*Records to use*:
____

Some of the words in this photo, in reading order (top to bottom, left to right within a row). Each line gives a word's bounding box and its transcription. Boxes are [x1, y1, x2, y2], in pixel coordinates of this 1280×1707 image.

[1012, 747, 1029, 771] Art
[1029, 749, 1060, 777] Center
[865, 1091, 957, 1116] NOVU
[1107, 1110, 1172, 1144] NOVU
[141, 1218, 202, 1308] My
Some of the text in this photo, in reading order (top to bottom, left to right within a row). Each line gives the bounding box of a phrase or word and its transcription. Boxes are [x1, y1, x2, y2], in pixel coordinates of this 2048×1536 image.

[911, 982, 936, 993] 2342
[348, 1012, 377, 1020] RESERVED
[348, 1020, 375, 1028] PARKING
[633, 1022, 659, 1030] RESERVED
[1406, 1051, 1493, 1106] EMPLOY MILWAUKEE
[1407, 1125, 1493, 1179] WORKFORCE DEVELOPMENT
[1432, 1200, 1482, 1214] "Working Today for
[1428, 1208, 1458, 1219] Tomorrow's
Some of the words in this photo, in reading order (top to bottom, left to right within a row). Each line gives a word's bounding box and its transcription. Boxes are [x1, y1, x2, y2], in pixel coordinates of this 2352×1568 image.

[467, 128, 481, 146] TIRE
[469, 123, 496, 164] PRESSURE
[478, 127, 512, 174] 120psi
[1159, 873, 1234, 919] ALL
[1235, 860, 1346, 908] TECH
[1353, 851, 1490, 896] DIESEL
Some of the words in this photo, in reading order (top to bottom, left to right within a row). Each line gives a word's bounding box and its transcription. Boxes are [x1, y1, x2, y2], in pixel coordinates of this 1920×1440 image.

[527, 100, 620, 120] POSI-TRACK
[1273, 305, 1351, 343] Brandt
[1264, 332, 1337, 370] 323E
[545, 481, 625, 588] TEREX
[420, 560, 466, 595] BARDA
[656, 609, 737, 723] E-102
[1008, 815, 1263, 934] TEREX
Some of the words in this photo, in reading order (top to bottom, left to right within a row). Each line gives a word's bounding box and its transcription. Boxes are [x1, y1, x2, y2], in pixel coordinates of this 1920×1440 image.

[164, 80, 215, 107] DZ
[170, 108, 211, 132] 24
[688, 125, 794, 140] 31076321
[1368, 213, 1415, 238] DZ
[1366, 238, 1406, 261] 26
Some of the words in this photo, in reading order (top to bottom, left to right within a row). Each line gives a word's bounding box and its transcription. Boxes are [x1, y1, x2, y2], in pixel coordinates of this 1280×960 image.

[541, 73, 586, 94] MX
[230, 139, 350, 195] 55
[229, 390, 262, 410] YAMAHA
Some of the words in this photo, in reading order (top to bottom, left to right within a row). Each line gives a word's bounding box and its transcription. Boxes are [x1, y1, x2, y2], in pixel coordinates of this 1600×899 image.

____

Using the same words as the original, repeat the records above.

*Exercise result*:
Some of the words in this photo, in reading order (top to bottom, left to right within a row). Each line gives a word's bounding box and its transcription. Boxes are [x1, y1, x2, y2], in pixel coordinates of this 1280×1707 image.

[1012, 747, 1029, 771] Art
[1029, 749, 1060, 777] Center
[865, 1091, 957, 1116] NOVU
[1107, 1110, 1172, 1144] NOVU
[141, 1218, 202, 1308] My
Some of the text in this photo, in reading order (top to bottom, left to right within a row). Each line gives the bounding box of a phrase or word and its transcription. Boxes are [x1, y1, x2, y2], in pixel coordinates of this 2048×1536 image.

[911, 982, 936, 993] 2342
[348, 1012, 377, 1020] RESERVED
[348, 1020, 375, 1028] PARKING
[633, 1022, 659, 1030] RESERVED
[1406, 1051, 1493, 1106] EMPLOY MILWAUKEE
[1407, 1125, 1493, 1179] WORKFORCE DEVELOPMENT
[1432, 1200, 1482, 1214] "Working Today for
[1428, 1208, 1458, 1219] Tomorrow's
Some of the words in this photo, in reading order (top to bottom, left to right within a row). Each line gives a word's bounding box and its transcription. Boxes are [x1, y1, x2, y2], in pixel coordinates of this 2352×1568 image.

[467, 128, 481, 146] TIRE
[469, 123, 496, 164] PRESSURE
[478, 127, 512, 174] 120psi
[1159, 873, 1234, 919] ALL
[1235, 860, 1346, 908] TECH
[1353, 851, 1490, 896] DIESEL
Some of the words in this photo, in reading order (top to bottom, left to right within a row). Each line gives a word's bounding box and its transcription. Boxes are [x1, y1, x2, y2], in pixel coordinates of this 1920×1440 image.

[527, 100, 620, 120] POSI-TRACK
[1273, 305, 1351, 343] Brandt
[1264, 332, 1337, 370] 323E
[545, 481, 625, 588] TEREX
[420, 560, 466, 595] BARDA
[656, 609, 737, 723] E-102
[1008, 815, 1263, 934] TEREX
Some of the words in this photo, in reading order (top to bottom, left to right within a row). Each line gives a word's bounding box and its transcription. Boxes are [x1, y1, x2, y2], in pixel coordinates of this 1920×1440 image.

[164, 80, 215, 107] DZ
[170, 108, 211, 132] 24
[688, 125, 794, 140] 31076321
[1368, 213, 1415, 238] DZ
[1366, 238, 1406, 261] 26
Some of the words in this photo, in reading order (top to bottom, left to right within a row). Each line gives a word's bounding box and its transcription. Boxes are [x1, y1, x2, y2], in pixel coordinates of this 1280×960 image.

[541, 73, 586, 94] MX
[230, 139, 350, 195] 55
[229, 390, 262, 410] YAMAHA
Some of the words in this photo, in reading order (top to bottom, left to right within a row). Each line gives a word's bounding box and its transcription. Boxes are [x1, y1, x2, y2], in pixel coordinates of this 1600×899 image.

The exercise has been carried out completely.